» **WHAT THE EXERCISE ASKS**
An exact reproduction of all the data is needed, with no images in it.

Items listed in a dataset
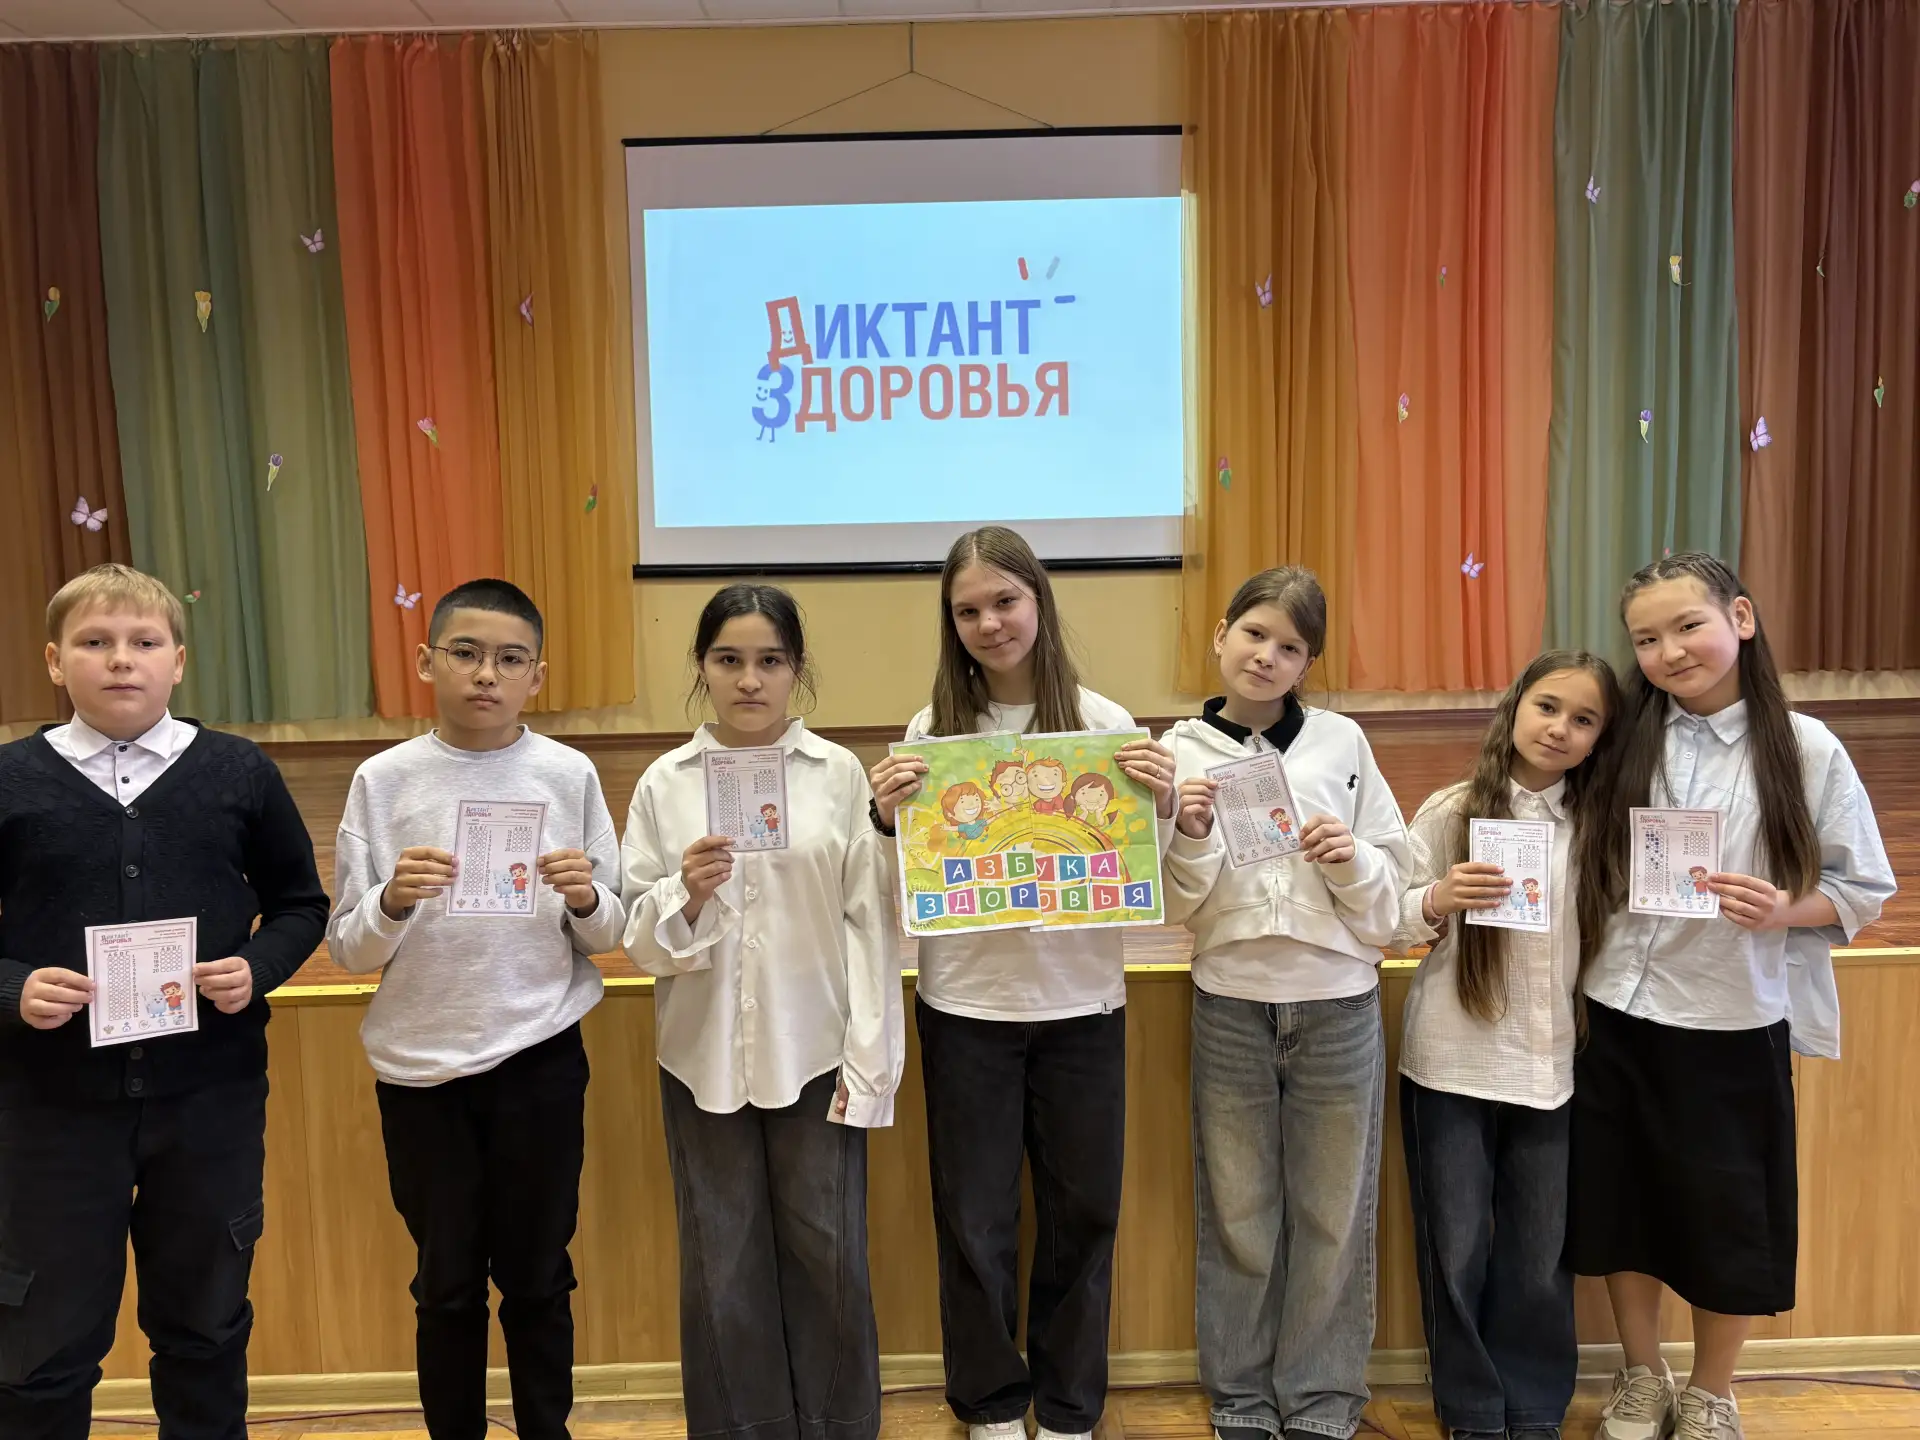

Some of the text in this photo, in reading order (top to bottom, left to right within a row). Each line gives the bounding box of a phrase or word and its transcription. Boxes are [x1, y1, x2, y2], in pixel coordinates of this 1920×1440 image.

[765, 295, 1041, 371] ДИКТАНТ
[751, 361, 1070, 434] ЗДОРОВЬЯ
[952, 855, 1112, 880] АЗБУКА
[924, 887, 1146, 914] ЗДОРОВЬЯ
[1103, 1002, 1111, 1012] L
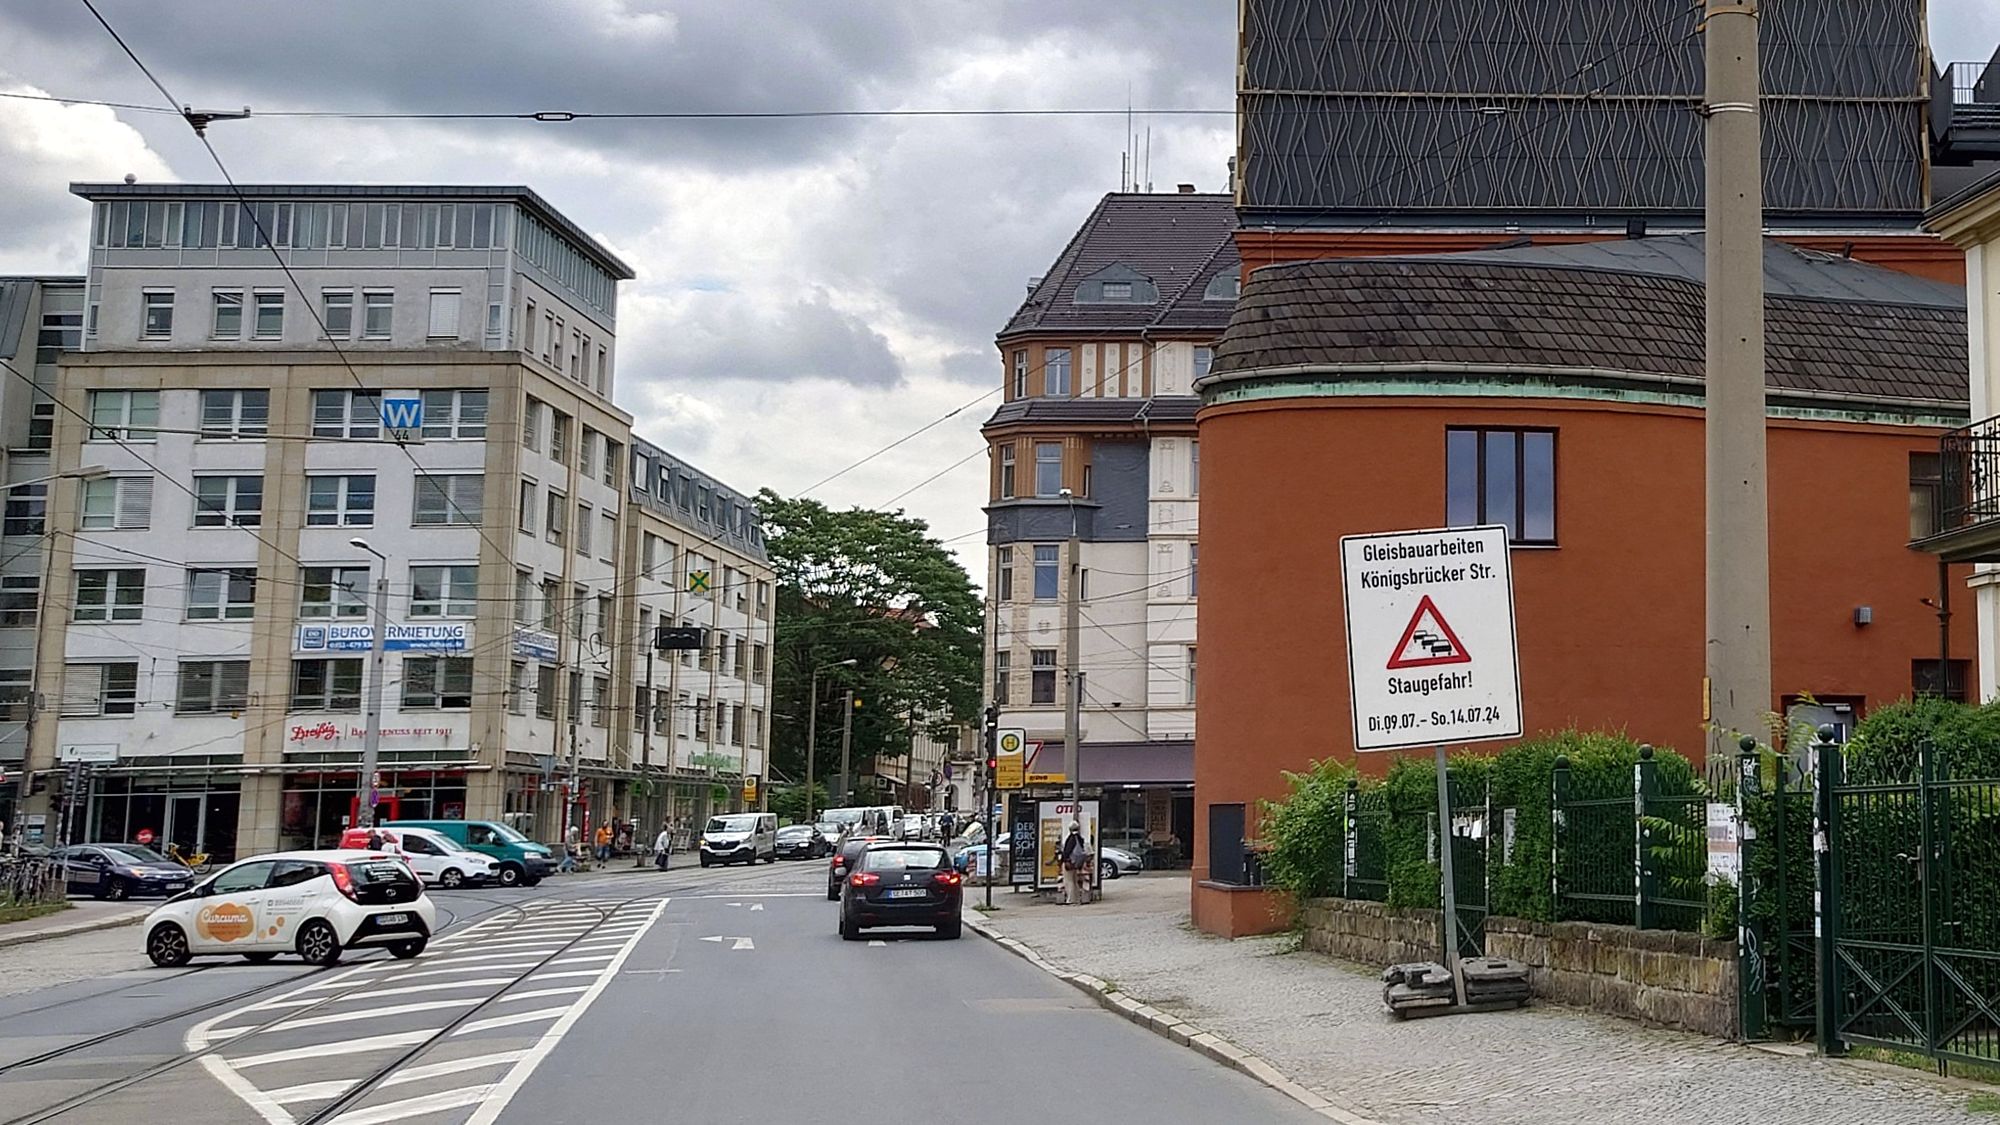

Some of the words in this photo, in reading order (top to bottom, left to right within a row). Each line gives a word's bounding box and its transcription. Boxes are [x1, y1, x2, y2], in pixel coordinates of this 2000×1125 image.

[386, 403, 419, 427] W
[1363, 538, 1484, 562] Gleisbauarbeiten
[1361, 565, 1465, 590] Königsbrücker
[1470, 563, 1496, 580] Str.
[331, 626, 463, 638] BÜROVRMIETUNG
[1388, 671, 1473, 696] Staugefahr!
[1431, 706, 1500, 726] So.14.07.24
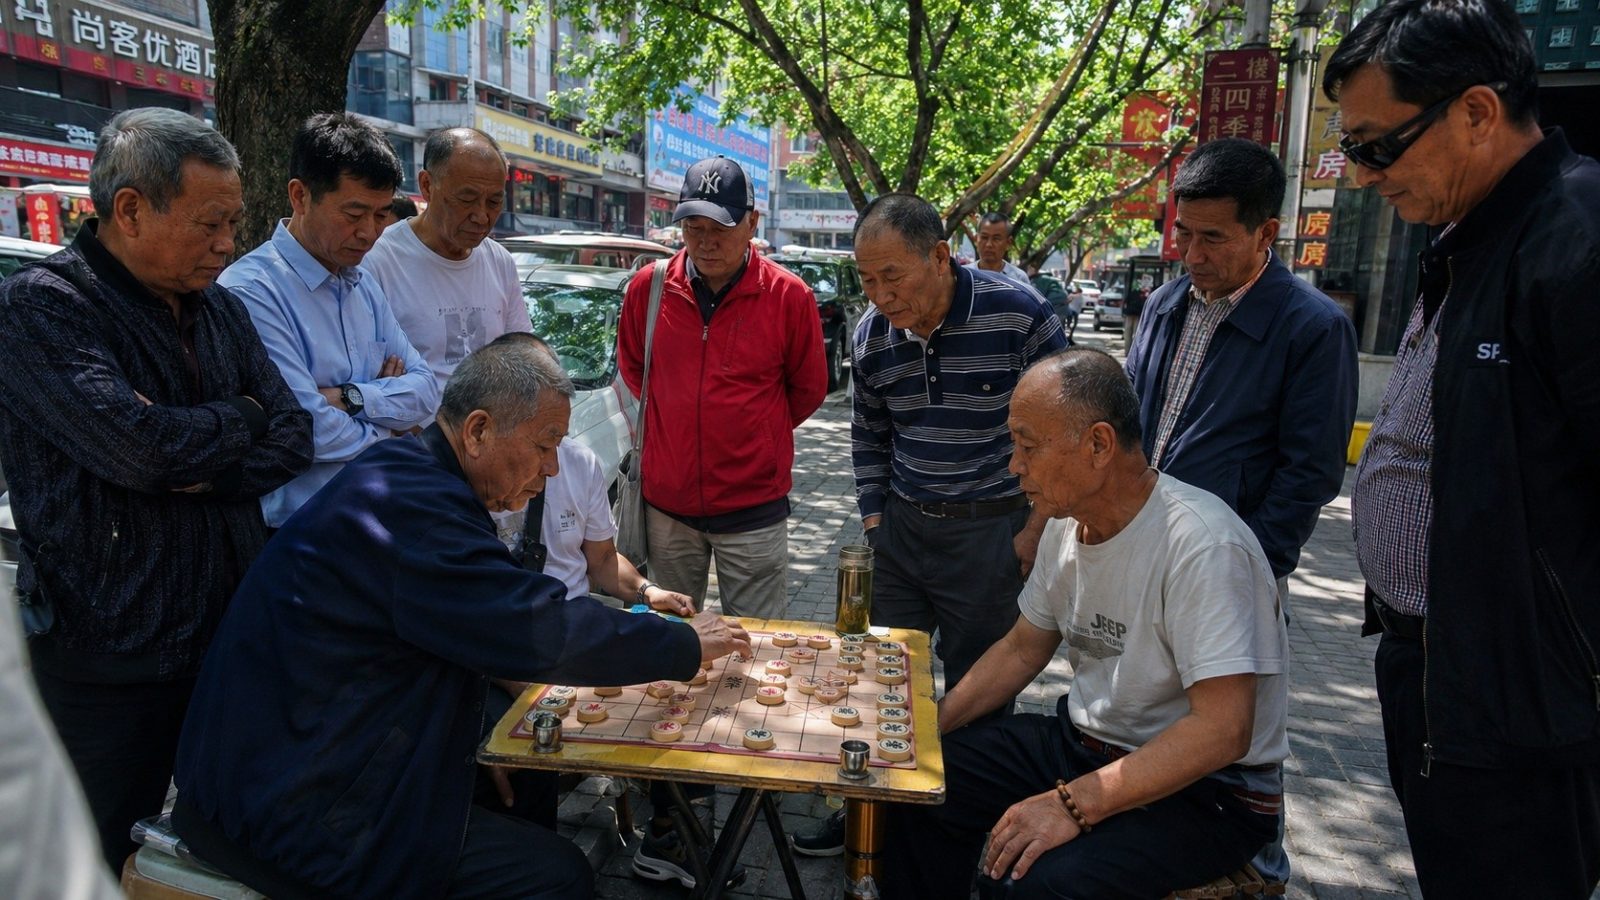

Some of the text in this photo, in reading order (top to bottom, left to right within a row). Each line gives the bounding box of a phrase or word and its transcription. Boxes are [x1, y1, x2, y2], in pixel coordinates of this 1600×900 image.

[1313, 149, 1346, 179] 房
[698, 171, 722, 194] NY
[1090, 613, 1127, 640] JEEP

» **EXERCISE RESPONSE**
Some of the text in this photo, in reading order (top to bottom, left to right within a row). Each line gives the bounding box of a phrase or word and its transcription. Boxes are [x1, y1, x2, y2], in pixel coordinates of this 1920×1440 image.

[765, 295, 1041, 371] ДИКТАНТ
[751, 361, 1070, 434] ЗДОРОВЬЯ
[952, 855, 1112, 880] АЗБУКА
[924, 887, 1146, 914] ЗДОРОВЬЯ
[1103, 1002, 1111, 1012] L

Some of the words in this photo, in reading order (top to bottom, left to right within a row). Each line gives a word's bounding box and its transcription. Boxes are [x1, y1, x2, y2], in pixel coordinates of this 2000×1125 image.

[386, 403, 419, 427] W
[1363, 538, 1484, 562] Gleisbauarbeiten
[1361, 565, 1465, 590] Königsbrücker
[1470, 563, 1496, 580] Str.
[331, 626, 463, 638] BÜROVRMIETUNG
[1388, 671, 1473, 696] Staugefahr!
[1431, 706, 1500, 726] So.14.07.24

Some of the text in this photo, in reading order (top to bottom, left to right within a row). Each line gives the bounding box of a phrase or word and its transcription. Boxes are [x1, y1, x2, y2], in pixel coordinates of this 1600×900 image.

[1313, 149, 1346, 179] 房
[698, 171, 722, 194] NY
[1090, 613, 1127, 640] JEEP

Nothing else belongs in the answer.